==== TASK INPUTS

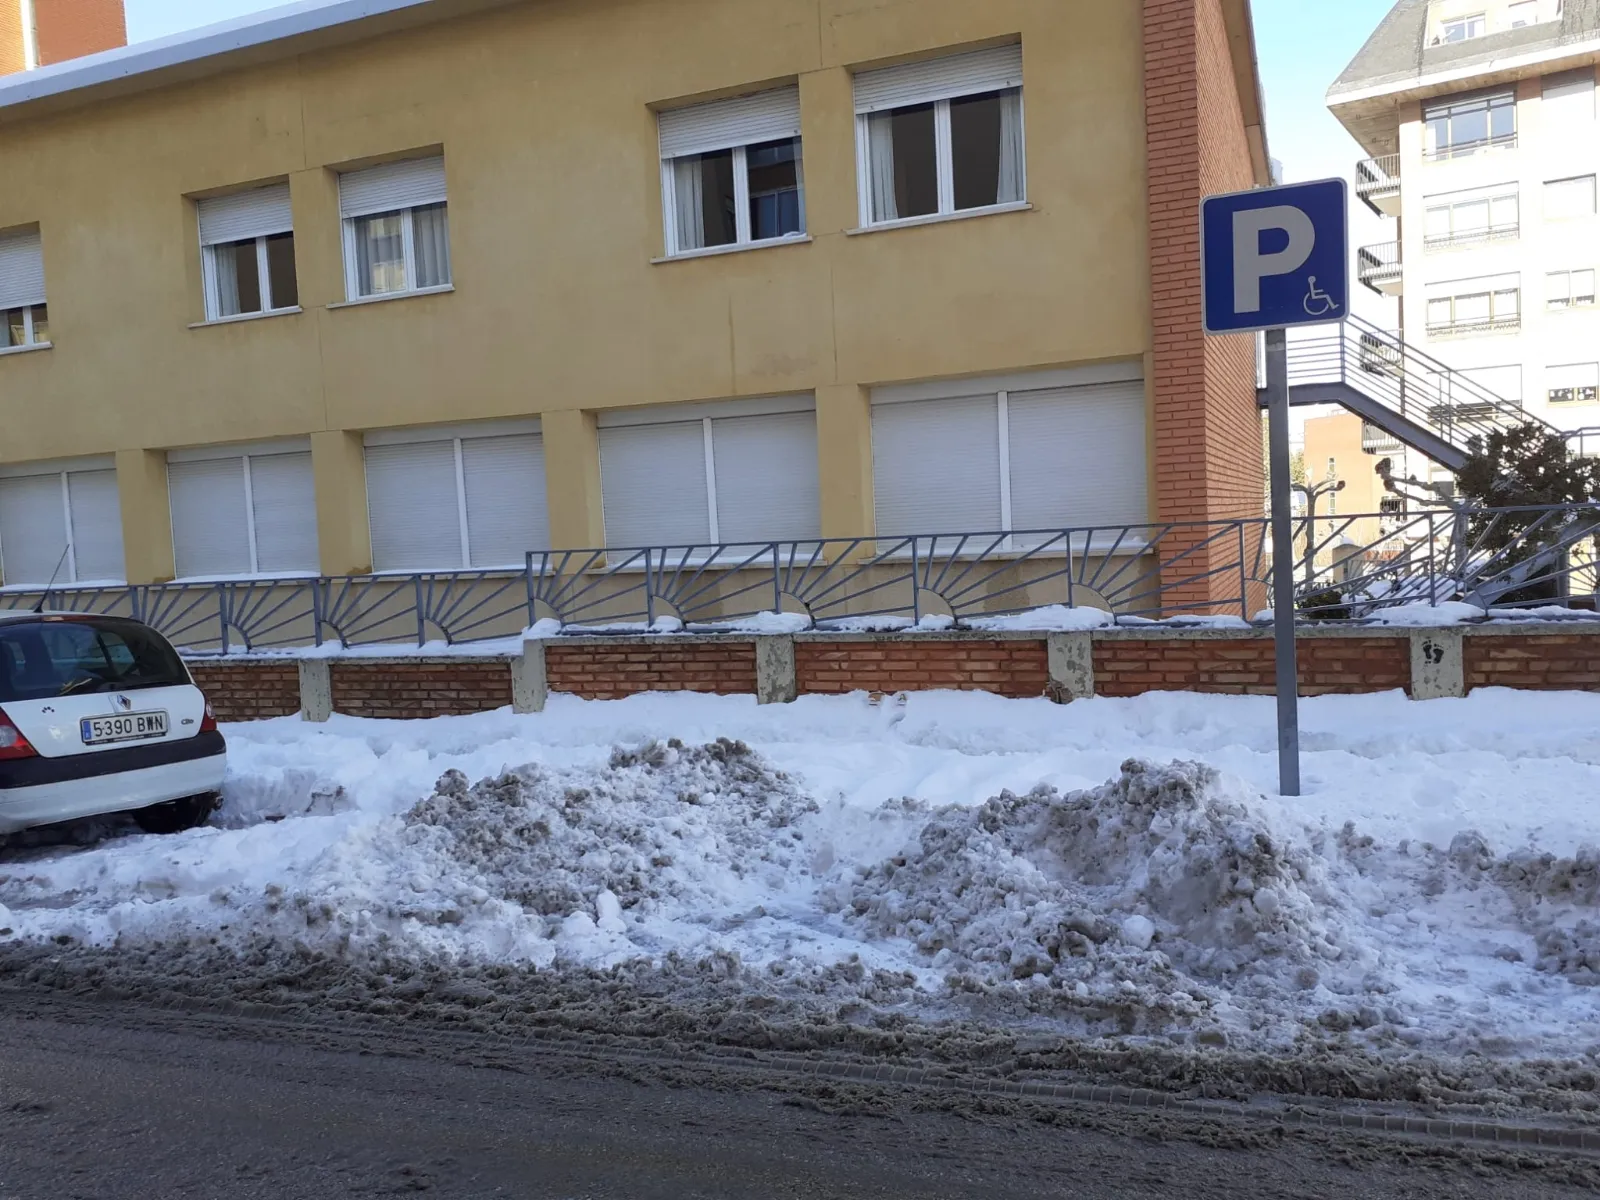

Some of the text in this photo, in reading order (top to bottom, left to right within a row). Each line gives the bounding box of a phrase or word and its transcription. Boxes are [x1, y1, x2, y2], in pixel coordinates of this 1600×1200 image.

[1232, 205, 1316, 314] P
[93, 715, 164, 737] 5390 BWN
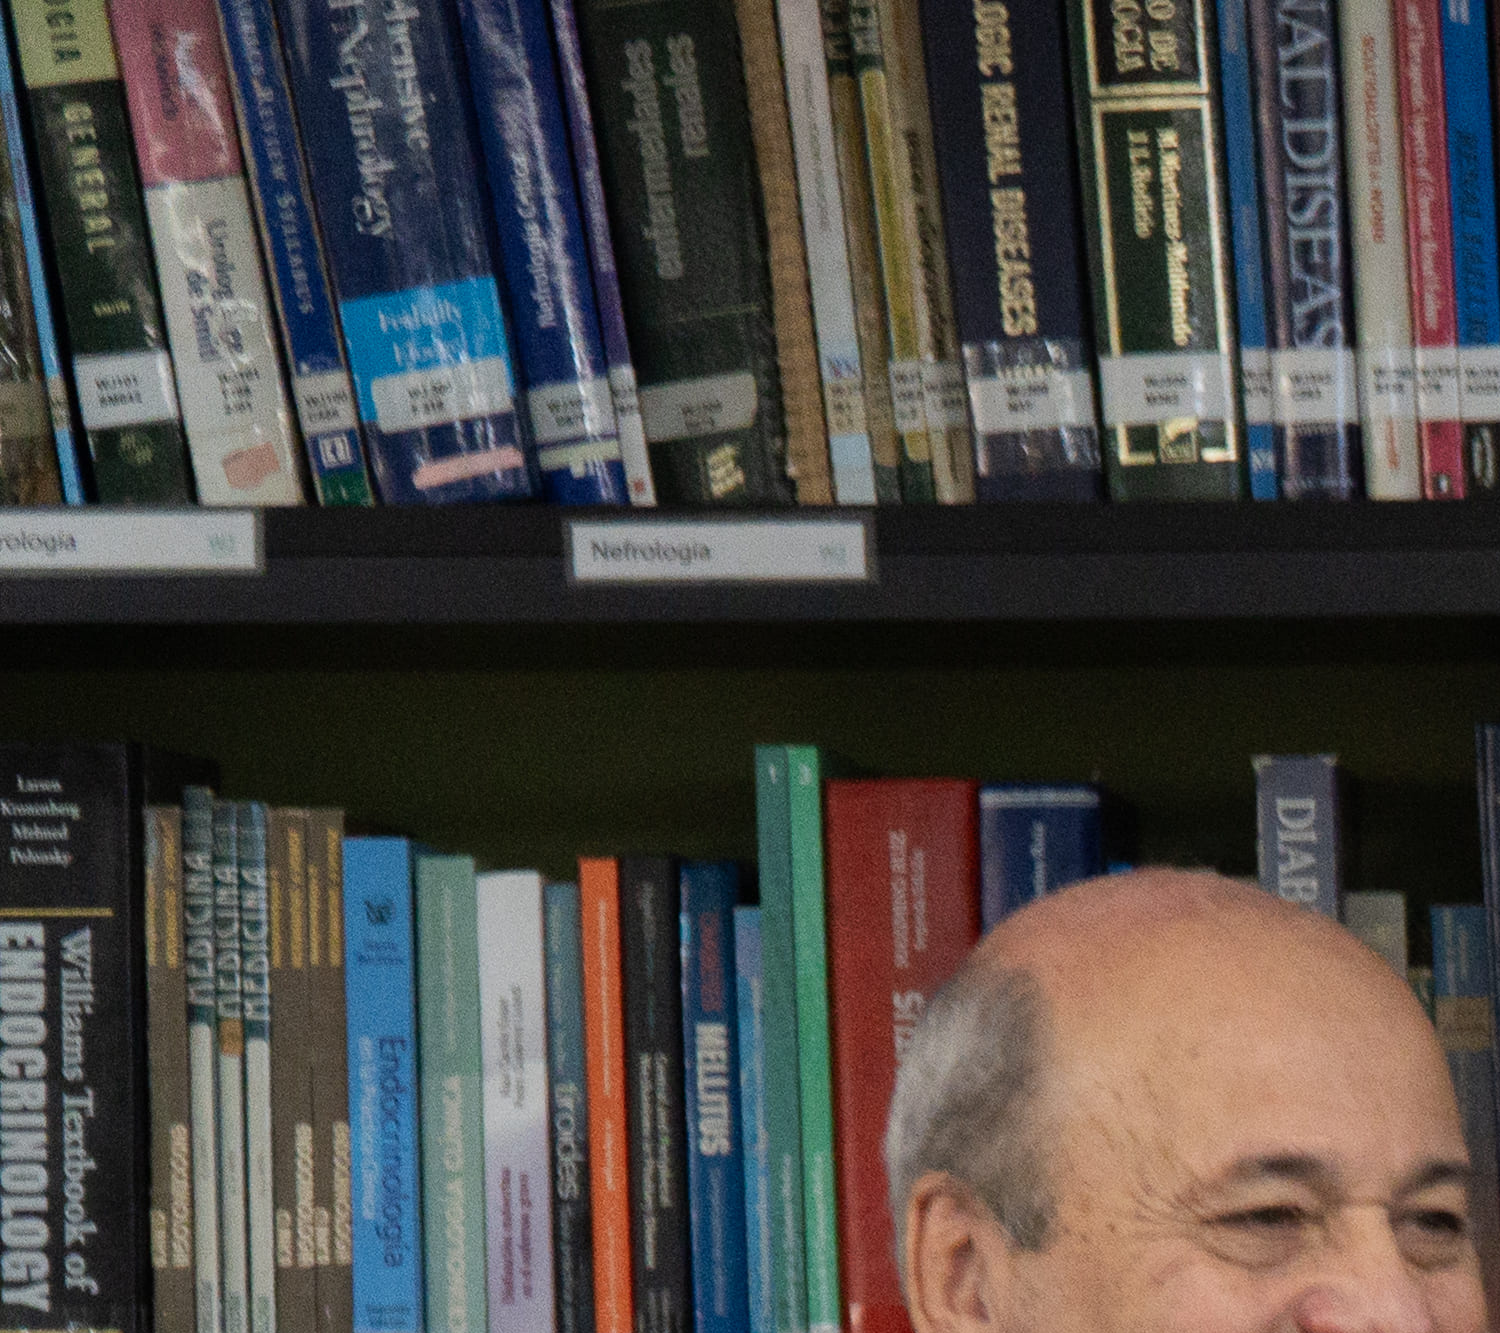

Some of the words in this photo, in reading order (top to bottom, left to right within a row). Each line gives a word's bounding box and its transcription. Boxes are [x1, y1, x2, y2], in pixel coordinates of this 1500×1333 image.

[664, 32, 708, 158] renales
[1148, 30, 1181, 73] DE
[62, 101, 117, 254] GENERAL
[330, 19, 397, 240] Nephrology
[620, 40, 682, 279] enfermedades
[979, 81, 1023, 185] RENAL
[989, 188, 1038, 338] DISEASES
[1283, 117, 1341, 348] DISEAS
[1461, 229, 1488, 345] FAILUR
[590, 538, 712, 564] Nefrología
[1275, 797, 1319, 905] DIAB
[60, 926, 96, 1082] Williams
[184, 851, 215, 1007] MEDICINA
[213, 863, 241, 1018] MEDICINA
[241, 866, 271, 1022] MEDICINA
[0, 922, 51, 1313] ENDOCRINOLOGY
[376, 1035, 409, 1268] Endocrinología
[553, 1081, 584, 1201] tiroides
[694, 1022, 731, 1156] MELLITUS
[61, 1087, 98, 1248] Textbook
[62, 1252, 100, 1296] of

========

§ **WHAT NEEDS TO BE DONE**
All of the records need repeating exactly, except for the pictures.

§ **TASK RESPONSE**
Some of the text in this photo, in reading order (top to bottom, left to right within a row). Each line gives the bounding box of a phrase or word and its transcription. Boxes are [x1, y1, x2, y2], in pixel coordinates of this 1600×1200 image.

[1232, 205, 1316, 314] P
[93, 715, 164, 737] 5390 BWN

Some of the words in this photo, in reading order (top to bottom, left to right within a row). Each line gives a word's bounding box and its transcription. Boxes are [x1, y1, x2, y2], in pixel coordinates of this 1500×1333 image.

[664, 32, 708, 158] renales
[1148, 30, 1181, 73] DE
[62, 101, 117, 254] GENERAL
[330, 19, 397, 240] Nephrology
[620, 40, 682, 279] enfermedades
[979, 81, 1023, 185] RENAL
[989, 188, 1038, 338] DISEASES
[1283, 117, 1341, 348] DISEAS
[1461, 229, 1488, 345] FAILUR
[590, 538, 712, 564] Nefrología
[1275, 797, 1319, 905] DIAB
[60, 926, 96, 1082] Williams
[184, 851, 215, 1007] MEDICINA
[213, 863, 241, 1018] MEDICINA
[241, 866, 271, 1022] MEDICINA
[0, 922, 51, 1313] ENDOCRINOLOGY
[376, 1035, 409, 1268] Endocrinología
[553, 1081, 584, 1201] tiroides
[694, 1022, 731, 1156] MELLITUS
[61, 1087, 98, 1248] Textbook
[62, 1252, 100, 1296] of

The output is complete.